Exercise objective: Give back the data below word for word. Any image in it should be left out.

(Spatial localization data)
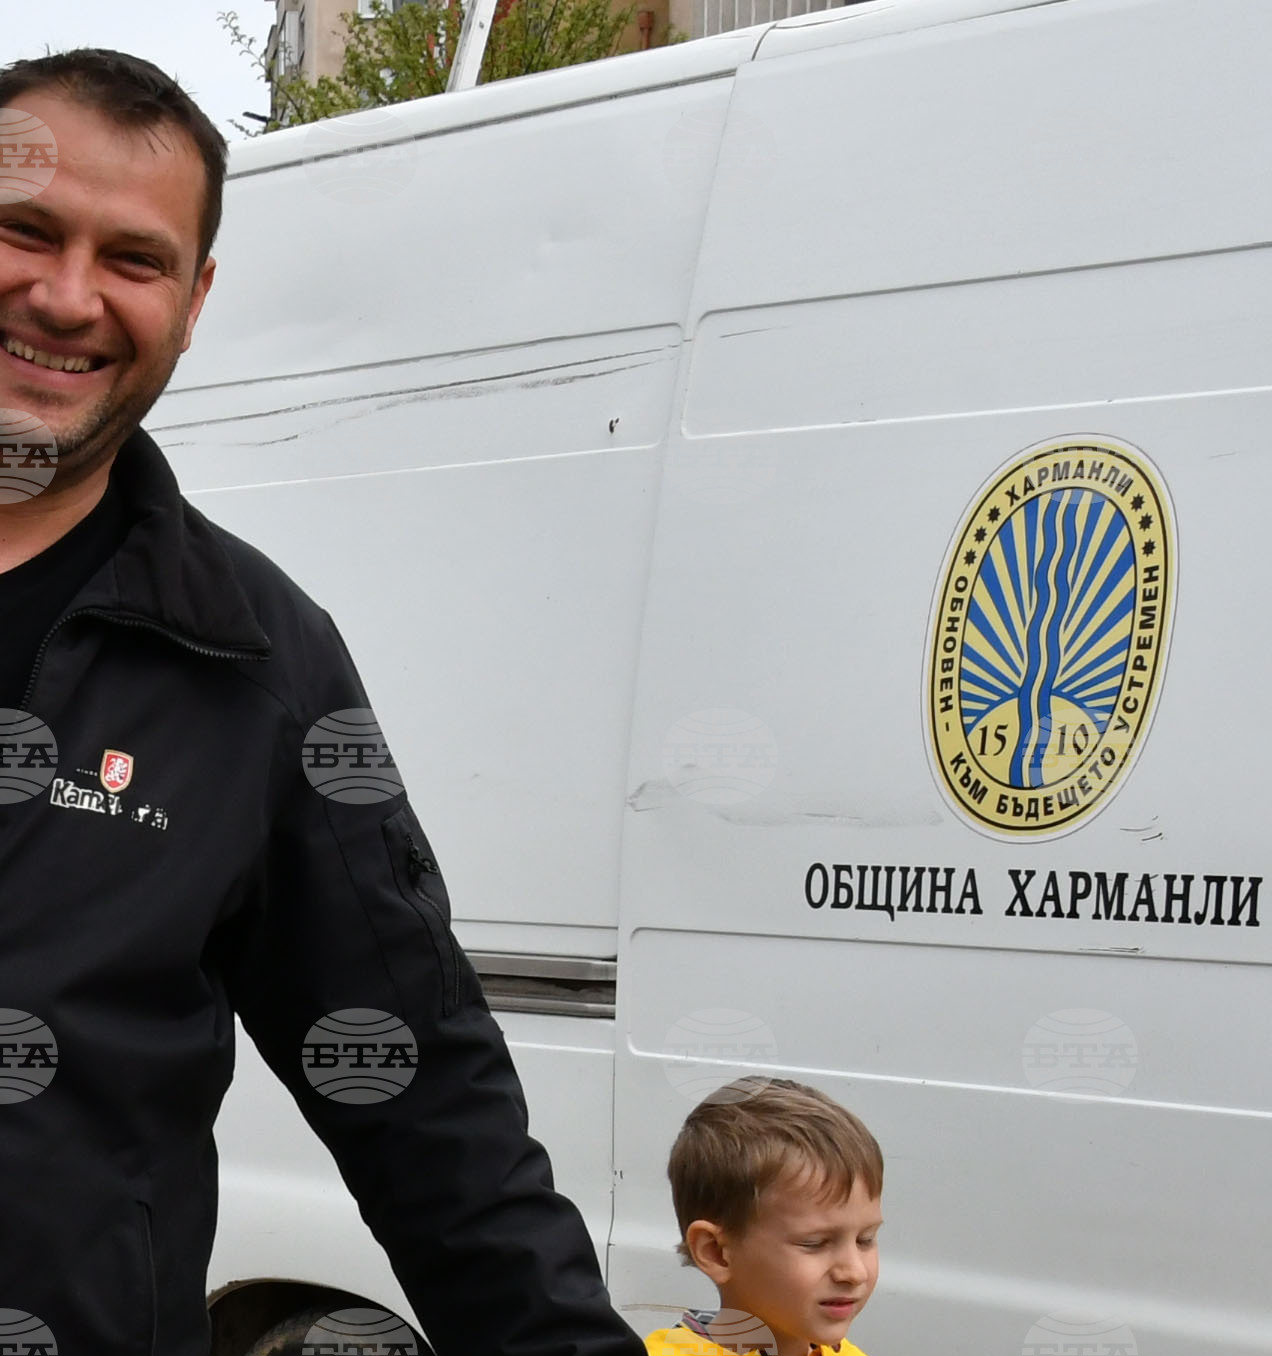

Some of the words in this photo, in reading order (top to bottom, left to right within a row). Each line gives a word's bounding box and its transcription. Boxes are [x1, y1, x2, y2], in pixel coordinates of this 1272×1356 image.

[1005, 459, 1134, 507] ХАРМАНЛИ
[939, 575, 969, 714] ОБНОВЕН
[1113, 565, 1160, 734] УСТРЕМЕН
[978, 723, 1009, 756] 15
[1057, 723, 1090, 755] 10
[949, 751, 989, 805] КЪМ
[995, 746, 1117, 822] БЪДЕЩЕТО
[805, 862, 983, 922] ОБЩИНА
[1005, 869, 1263, 927] ХАРМАНЛИ
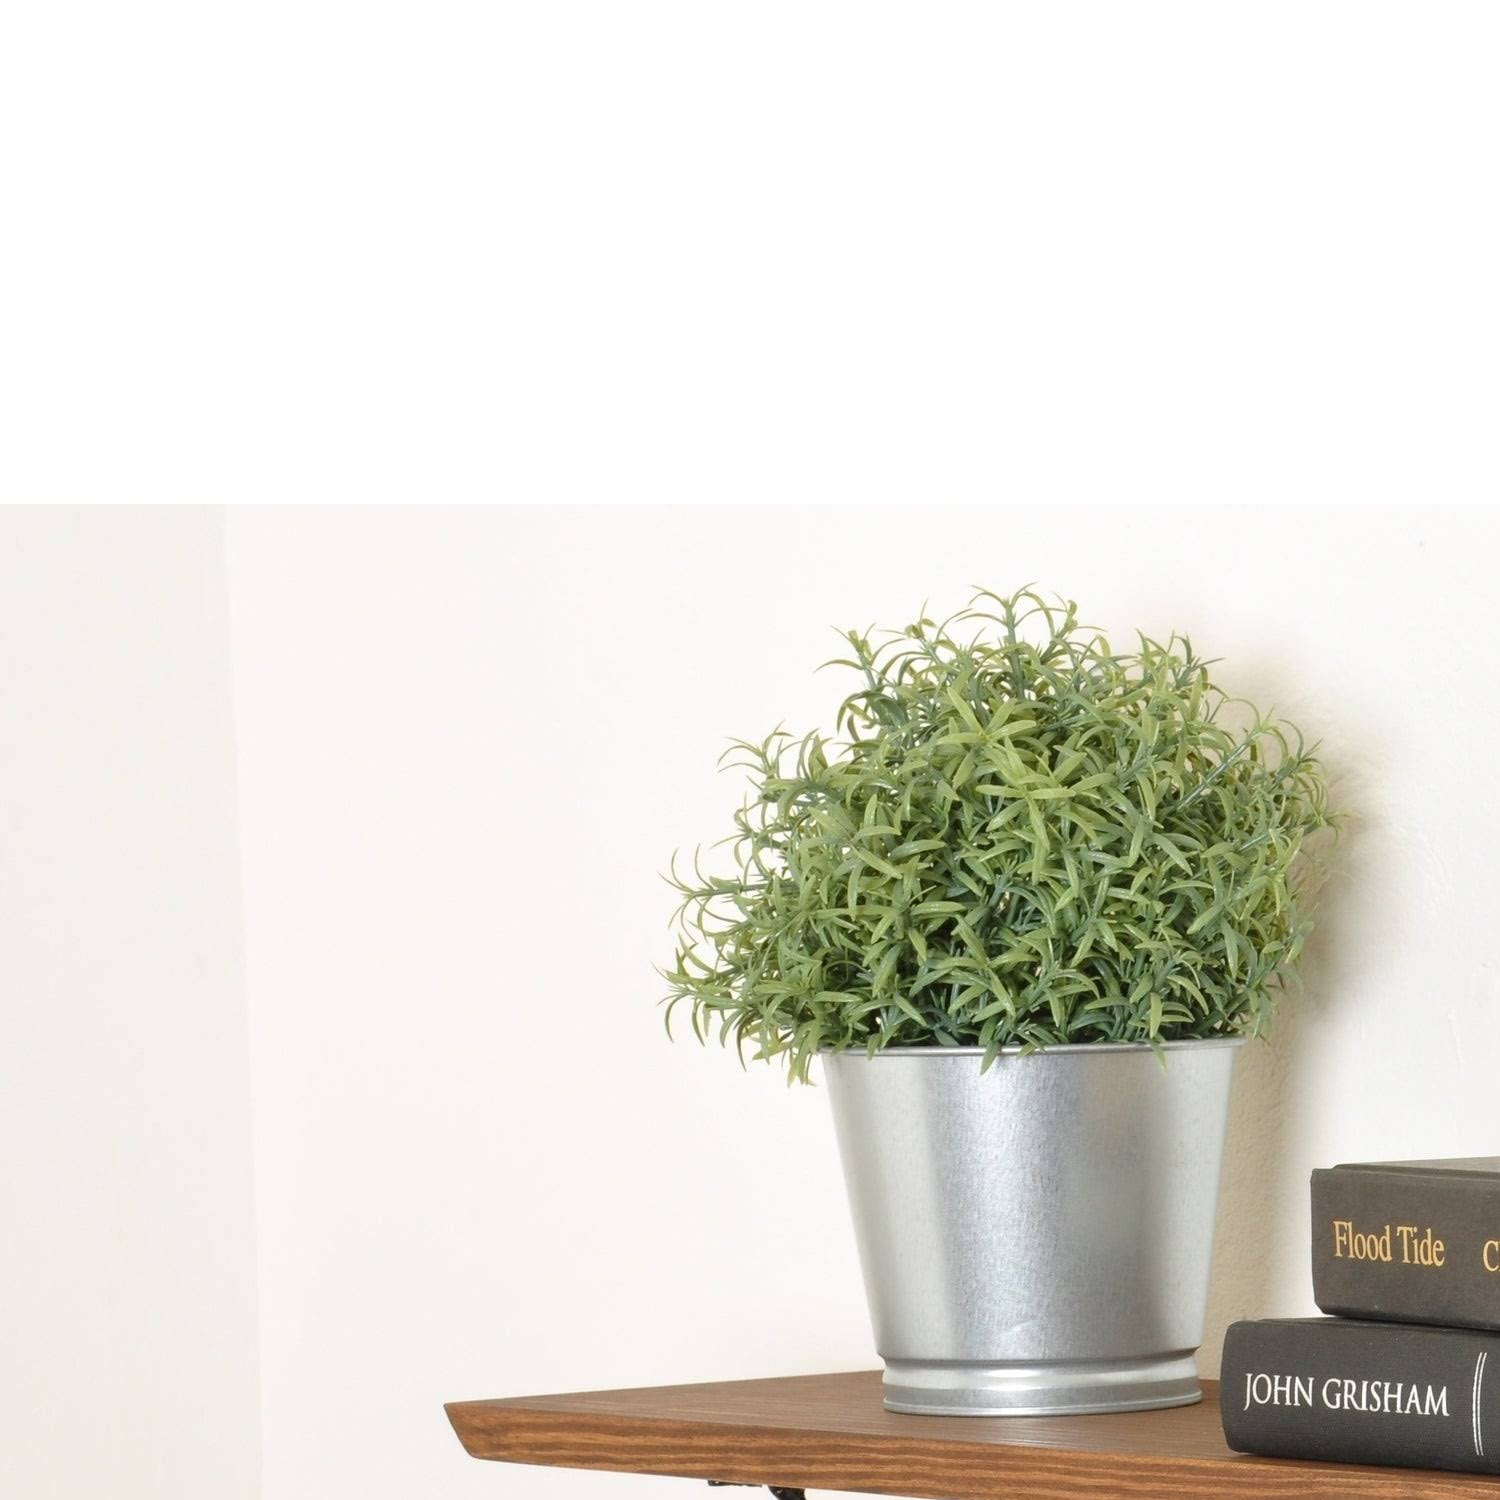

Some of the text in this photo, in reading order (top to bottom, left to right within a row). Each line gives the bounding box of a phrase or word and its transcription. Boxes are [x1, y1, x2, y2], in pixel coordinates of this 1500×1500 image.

[1333, 1220, 1445, 1267] Flood Tide
[1244, 1372, 1450, 1417] JOHN GRISHAM
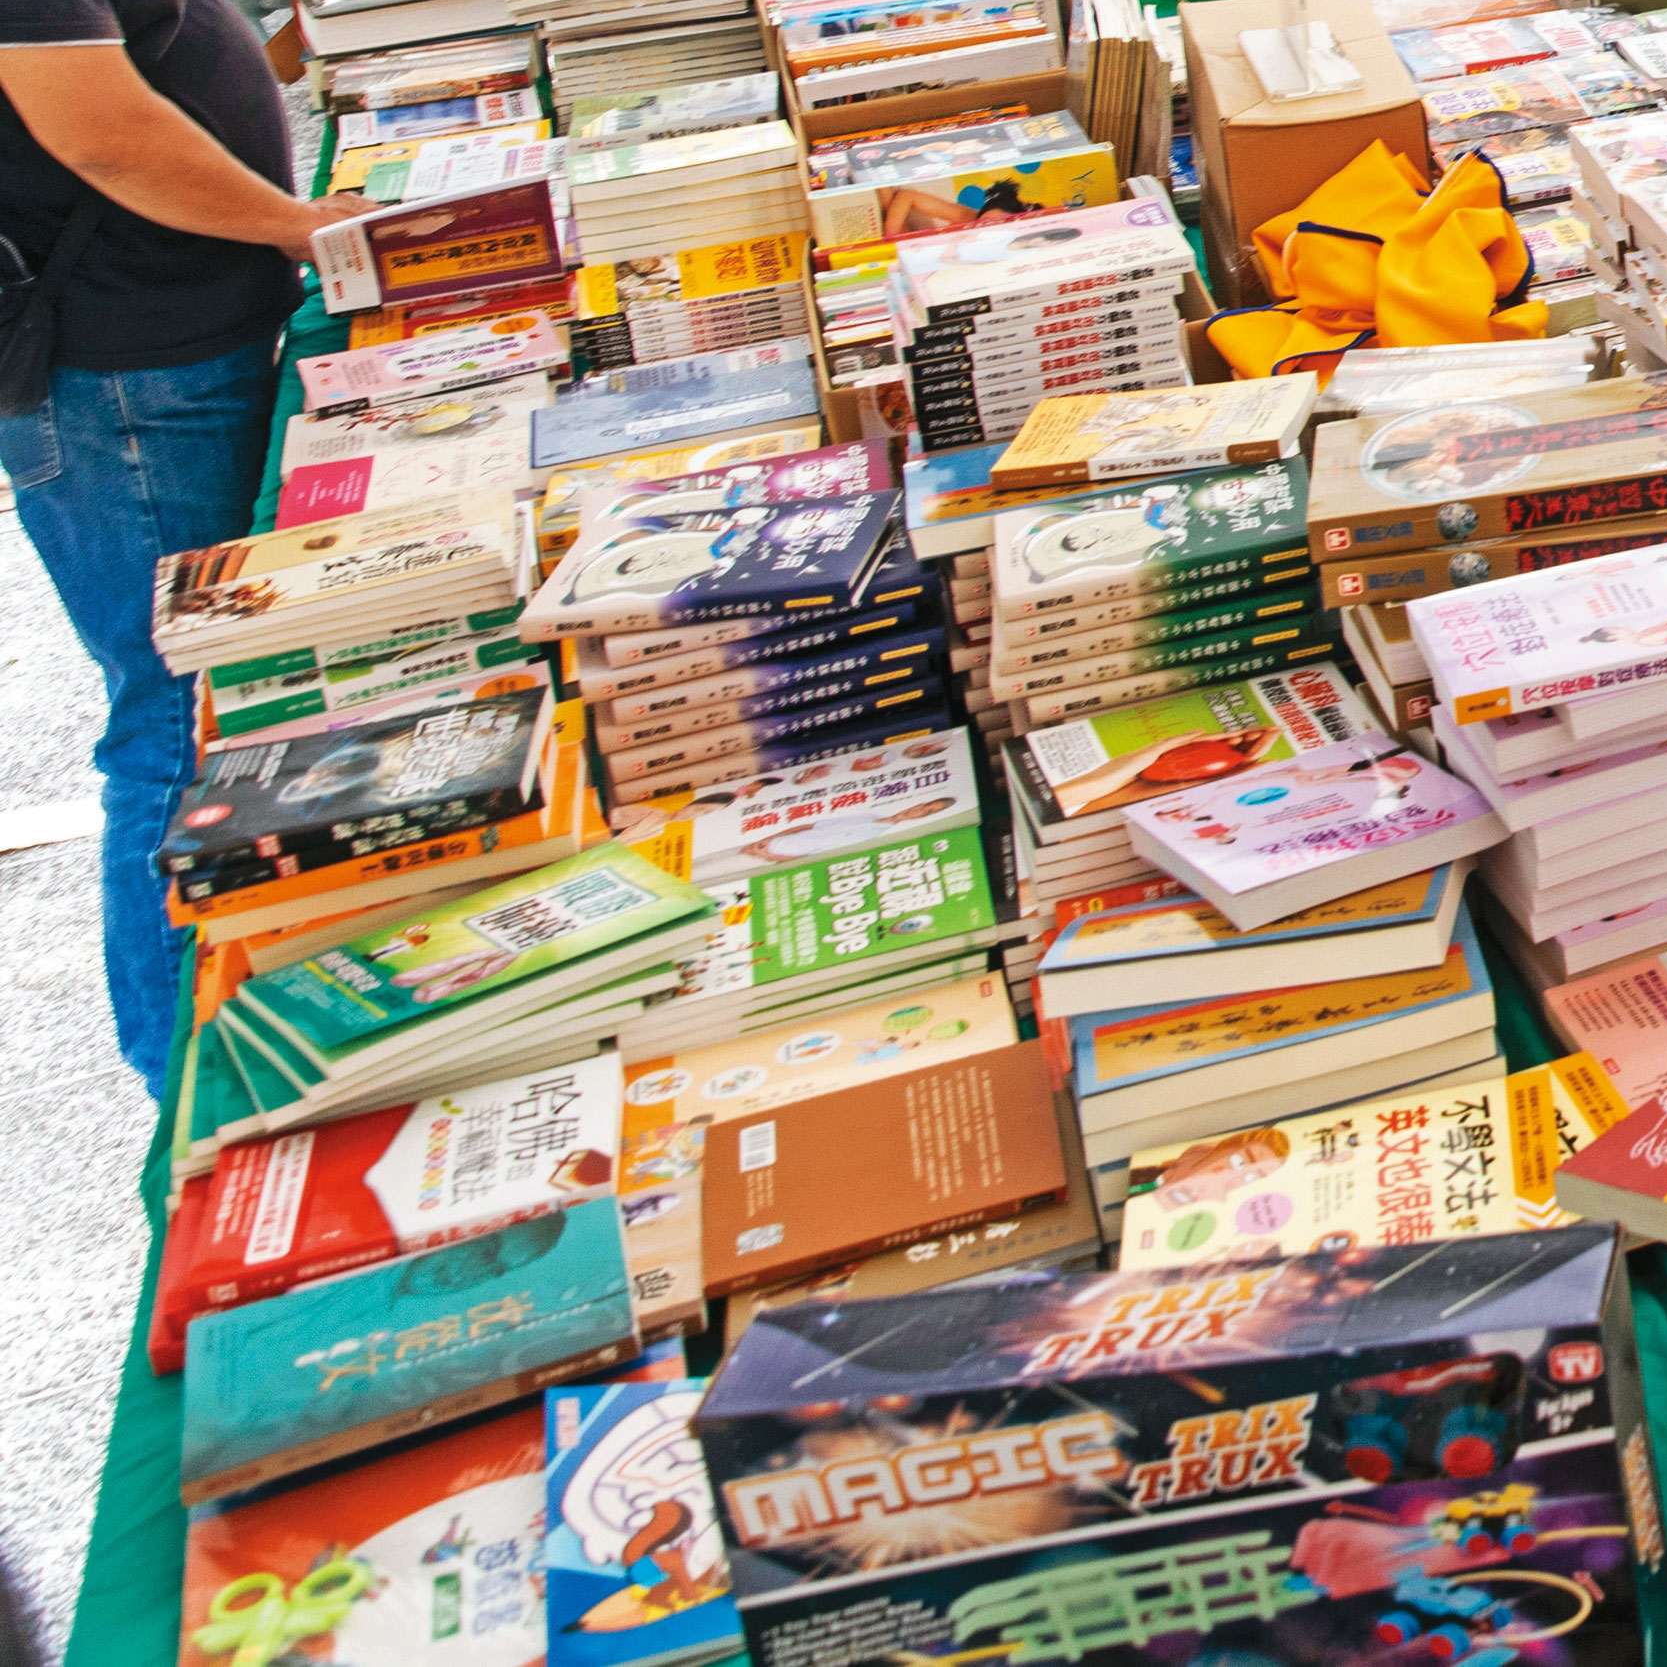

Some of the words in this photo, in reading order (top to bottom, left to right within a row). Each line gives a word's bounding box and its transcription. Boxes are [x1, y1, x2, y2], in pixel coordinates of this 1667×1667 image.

Expected output:
Some of the words in this photo, in reading order (top to bottom, left to right within a row). Each line gives a word's bounding box and its transcription. Boxes are [x1, y1, x2, y2], in pixel coordinates of this 1272×1356 image.

[1005, 459, 1134, 507] ХАРМАНЛИ
[939, 575, 969, 714] ОБНОВЕН
[1113, 565, 1160, 734] УСТРЕМЕН
[978, 723, 1009, 756] 15
[1057, 723, 1090, 755] 10
[949, 751, 989, 805] КЪМ
[995, 746, 1117, 822] БЪДЕЩЕТО
[805, 862, 983, 922] ОБЩИНА
[1005, 869, 1263, 927] ХАРМАНЛИ

Some of the text in this photo, in reading order (top to bottom, left to right within a row). Each line gives the bounding box of a phrase or word and its transcription. Boxes are [x1, y1, x2, y2], in pixel coordinates of this 1500×1500 image.

[1333, 1220, 1445, 1267] Flood Tide
[1244, 1372, 1450, 1417] JOHN GRISHAM

Some of the words in this photo, in reading order (top to bottom, left to right within a row). Each line gives a word's bounding box and its transcription. Boxes are [x1, y1, x2, y2], in pixel coordinates of this 1667×1667 image.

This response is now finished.